What is particularly odd is that many of the same regulators who considered the institution not just important but indispensable to the economy simultaneously believed that it was not even a well-run bank. In February of 2009, the Wall Street Journal reported:

Former federal officials have dubbed Citigroup the “Death Star,” comparing the bank’s threat to the financial system with the planet-destroying super weapon in the “Star Wars” movies. Privately, in the words of one official, they regard the banking giant as “unmanageable.”47

The Journal added that some people inside the bank also weren’t exactly impressed:

In a recent meeting with investment bankers, Citigroup’s investment-banking chief, John Havens, was pushing his deputies to further streamline operations in order to reduce costs. One executive asked whether the changes needed to be made quickly. The question “is typical Citi,” Mr.
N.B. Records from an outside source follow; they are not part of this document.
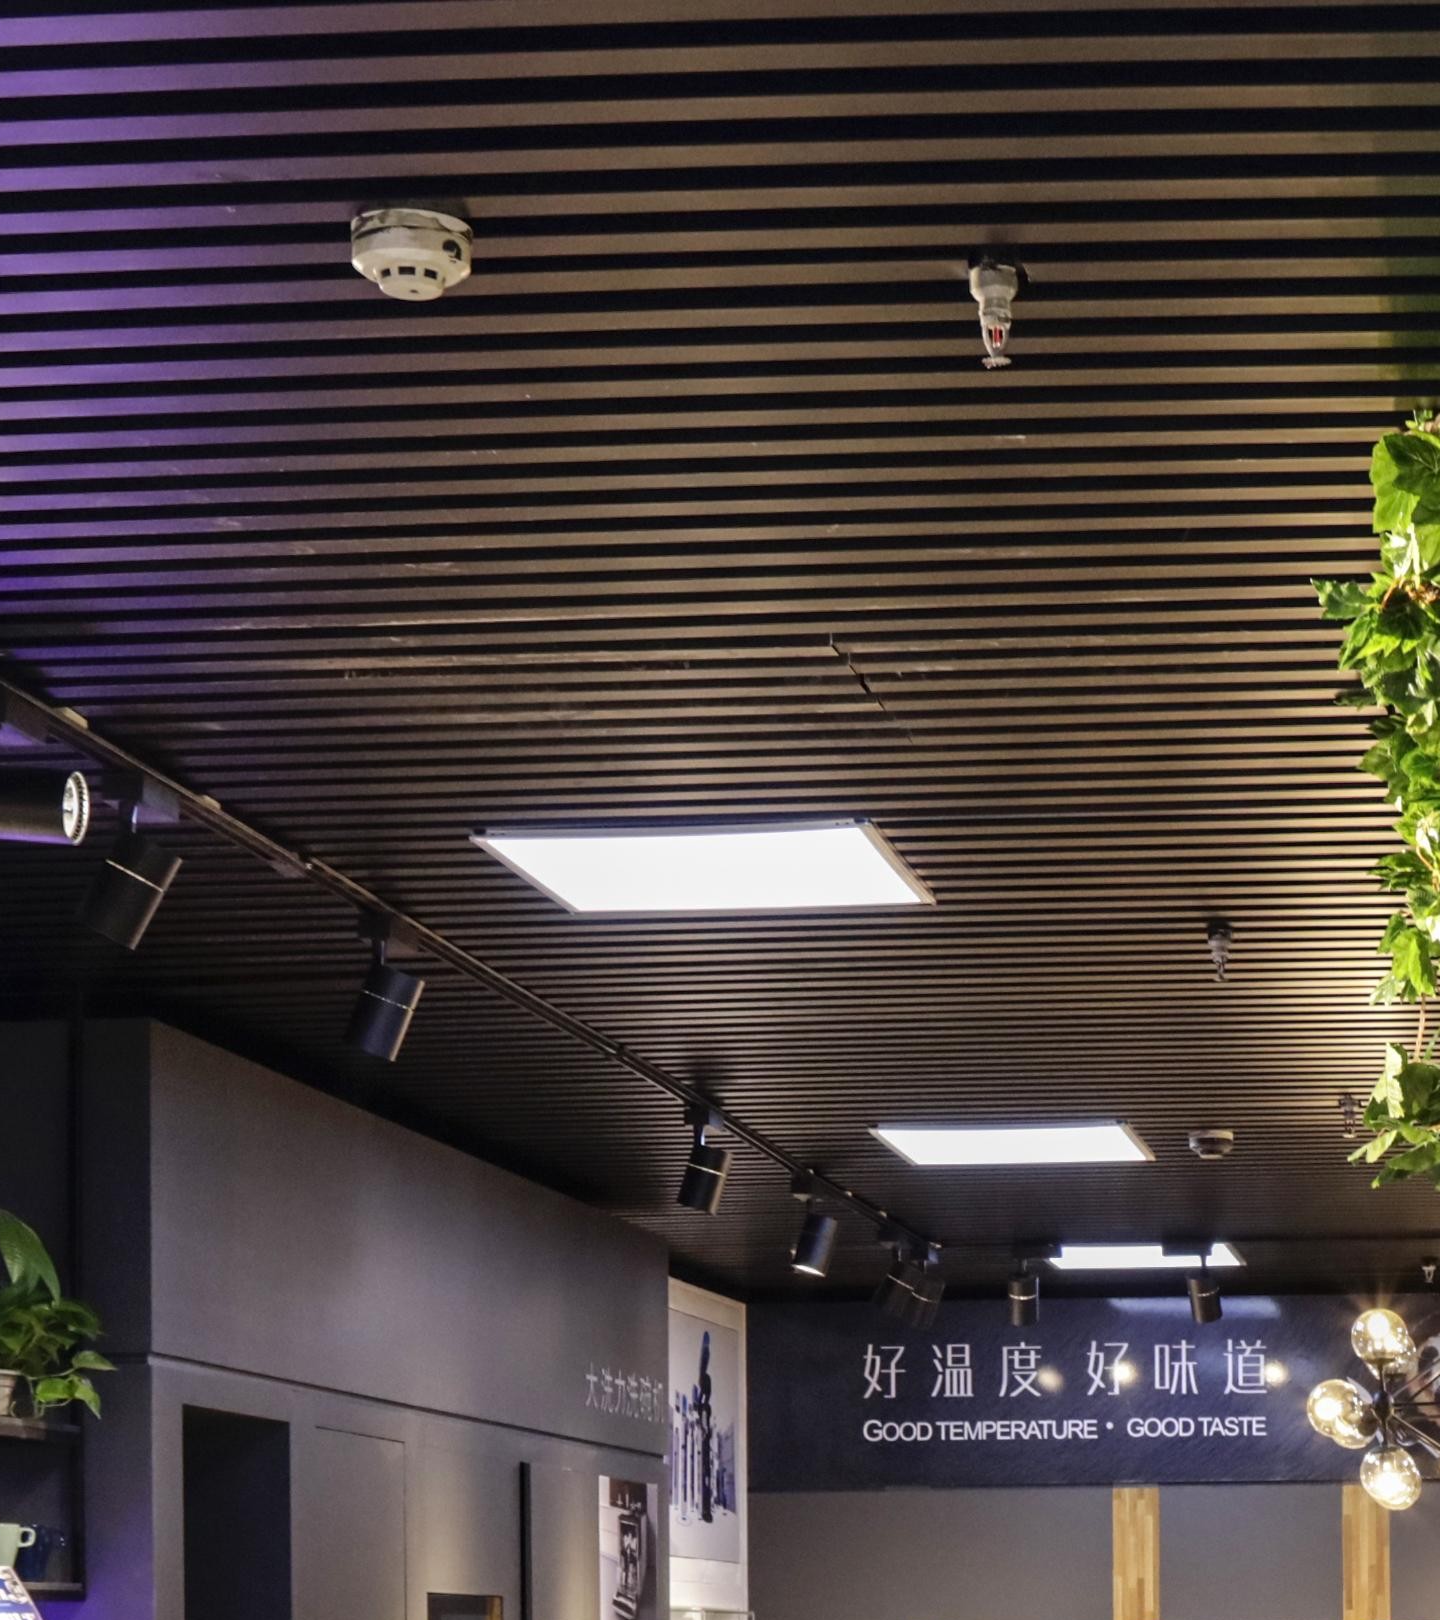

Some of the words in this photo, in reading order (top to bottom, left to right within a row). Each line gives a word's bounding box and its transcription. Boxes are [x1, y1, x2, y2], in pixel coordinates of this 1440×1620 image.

[862, 1341, 1042, 1399] 好温度
[1086, 1337, 1268, 1396] 好味道
[862, 1418, 932, 1442] GOOD
[936, 1417, 1098, 1441] TEMPERATURE
[1126, 1415, 1195, 1438] GOOD
[1197, 1415, 1268, 1437] TASTE
Havens replied, suggesting that decisions at the company take too long, according to a person at the meeting. “That’s why Geithner is so intolerant with us these days,” Mr. Havens told the bankers.
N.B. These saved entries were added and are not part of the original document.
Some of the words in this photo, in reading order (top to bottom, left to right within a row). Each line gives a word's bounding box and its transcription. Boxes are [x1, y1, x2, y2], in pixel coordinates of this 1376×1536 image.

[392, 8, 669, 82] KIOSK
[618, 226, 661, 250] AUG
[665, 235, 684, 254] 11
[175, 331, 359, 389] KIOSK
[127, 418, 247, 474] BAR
Now, gallows humor is setting in. This week, some employees noted that they always thought that working for Citigroup—with its unwieldy bureaucracy and clashing fiefdoms—was like working for the government anyway.48

Citi had certainly been working under a lot of government oversight. Bart Dzivi, special counsel to the Financial Crisis Inquiry Commission, studied the regulatory response to Citi’s deteriorating condition. Dzivi summarized supervision by the Office of the Comptroller of the Currency as “light touch” and New York Fed oversight as “no touch.” He adds that “there were indications in 2004 and 2005 of building problems,” but regulators lacked the will to address them.49

When the crisis finally struck, hundreds of smaller institutions were shut down.50 But just as in the 1920s, 1930s, 1980s, and 1990s, the government made sure in 2008 and 2009 that Citi enjoyed the money and/or the regulatory forbearance necessary to survive. Bair advocated giving the same deal to all struggling banks: “I suggested that we at least set up a facility that would be generally available to all banks to purchase their troubled assets and liquidate them over time. I was tired of the attempts to provide special help to Citi.” Bair adds that for both the Comptroller’s office and the New York Fed, the bank had long been the “premier” institution under their supervision and they didn’t dare let Citi fail:

It had a huge international presence, and as such its failure would be not just a domestic, but an international embarrassment for those two regulators. What’s more, Tim Geithner’s mentor and hero, Bob Rubin, had served as chairman of the organization and . . . had had a big hand in steering it toward the high-risk lending and investment strategies that had led to its downfall.51

This determination to protect the bank led to the absurd situation in which the Comptroller’s office refused to give Citi a failing grade on the CAMELS system used to evaluate banks. As it was being saved from failure over and over again by the government, the taxpayer assistance became the justification for arguing that the bank was relatively healthy. By this standard, of course, no bank could ever receive poor grades as long as regulators were willing to favor it.52

No less absurd was the fact that within five years, the chief operating officer of one of the troubled Citi units that contributed to the firm’s struggles would become secretary of the US Treasury. Former Citigroup executive Jack Lew took office in 2013. Coincidentally, he succeeded Timothy Geithner, who had been the chief regulator responsible for overseeing the bank during its years of crisis.